Vibration Finishing, Centrifugal Barrel Finishing Mach […]
Vibration Finishing, Centrifugal Barrel Finishing Machine , and Turbo Grinding are the three technologies for gear finishing, improving performance and extending service life.
Isotropic finishing can have a huge impact on gear performance and service life so that some racing teams disassemble inventory gear sets and components and send them out for isotropic completion for performance and longevity benefits.
This includes gear manufacturing. Depending on the application, three quality finishing methods for producing gear surface finishes help to improve performance and extend service life.
Vibratory Finishing - Traditional and dominant, familiar vibrating bowls or barrels have small or large sizes and have been around for decades. In vibratory finishing, chemically assisted vibration finishing has a relatively new wrinkle that uses specially formulated compounds and non-abrasive media to create a conversion coating on gears and similar components. This makes it possible to develop horizontal surfaces with micro-finished surface properties. This technology is particularly suitable for automotive gear train systems and engine components such as camshafts and crankshafts and is widely used in racing teams for performance advantages.
Centrifugal barrel finishing - This high-energy method is a mechanical acceleration method used to create edge contours and isotropic miniature finishes on the gears. This method is used by various gear manufacturers and high-performance racing teams to improve the surface finish and durability of the gear set. It is also capable of producing low microinch surface finishes to improve the load-bearing quality of the mating surfaces and to produce beneficial compressive and cold hardening properties useful for high-stress components. A range of processes (similar to roughing, finishing and polishing) are often used to develop highly finished surfaces. The high centrifugal force and speed of the process achieve a high level of surface finish in short cycle time.

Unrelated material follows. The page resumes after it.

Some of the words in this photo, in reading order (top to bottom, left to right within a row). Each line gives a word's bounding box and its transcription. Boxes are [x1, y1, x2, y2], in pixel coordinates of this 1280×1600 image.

Here is an illustration of the isotropic surface treatment of gears, a technical term used to distinguish between random and non-directional surface finish patterns. This is in contrast to surfaces developed by all common processing and grinding methods, characterized by Gaussian peaks and valleys distributed parallel to each other, exhibiting a positively deflected surface with surface peaks and roughness on the front surface.

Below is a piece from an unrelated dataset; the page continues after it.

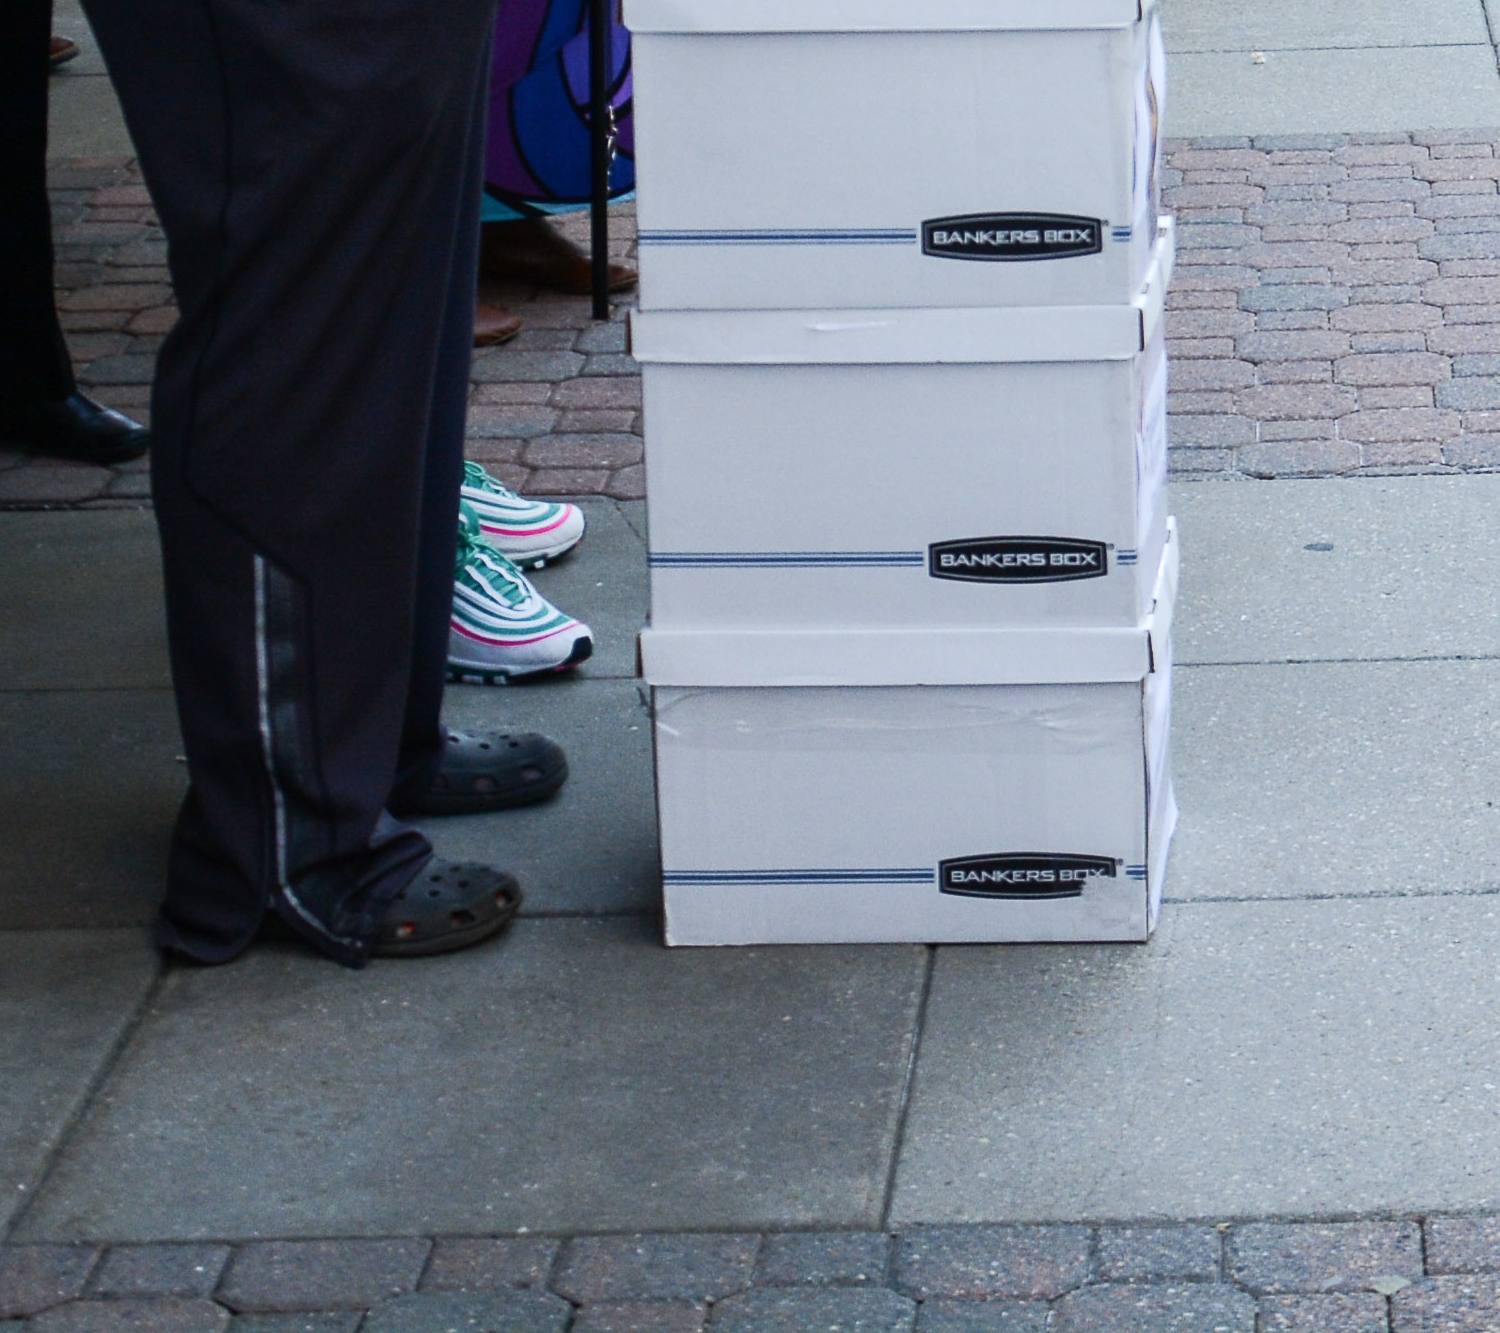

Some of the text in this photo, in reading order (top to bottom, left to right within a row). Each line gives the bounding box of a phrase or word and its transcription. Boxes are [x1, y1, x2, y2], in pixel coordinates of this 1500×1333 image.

According to this definition, all quality processing methods can be said to be isotropic. However, the above process has been optimized to consistently produce a gear surface finish that improves overall performance and extends service life.

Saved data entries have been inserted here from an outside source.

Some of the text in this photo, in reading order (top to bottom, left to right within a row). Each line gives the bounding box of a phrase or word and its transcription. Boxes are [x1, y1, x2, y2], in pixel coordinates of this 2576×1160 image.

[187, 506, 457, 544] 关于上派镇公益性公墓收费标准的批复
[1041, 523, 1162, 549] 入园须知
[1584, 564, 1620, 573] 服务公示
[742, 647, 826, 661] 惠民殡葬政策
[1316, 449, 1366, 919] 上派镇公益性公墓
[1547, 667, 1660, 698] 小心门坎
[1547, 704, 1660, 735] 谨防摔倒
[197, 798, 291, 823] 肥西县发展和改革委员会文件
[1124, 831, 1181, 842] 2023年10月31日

A feature that separates TAM from vibration or centrifugal gear finishing is that it is a dry process that does not use a fluid medium, rather than complete machining rather than complete finishing. The part is fixed to the spindle, similar to a horizontal machining center, and rotates at 500 to 2,000 rpm, completely wrapped in a cloud of abrasive media. When using dry-polished soft particles for secondary operations, a highly refined surface can be developed and finished with a finely polished material.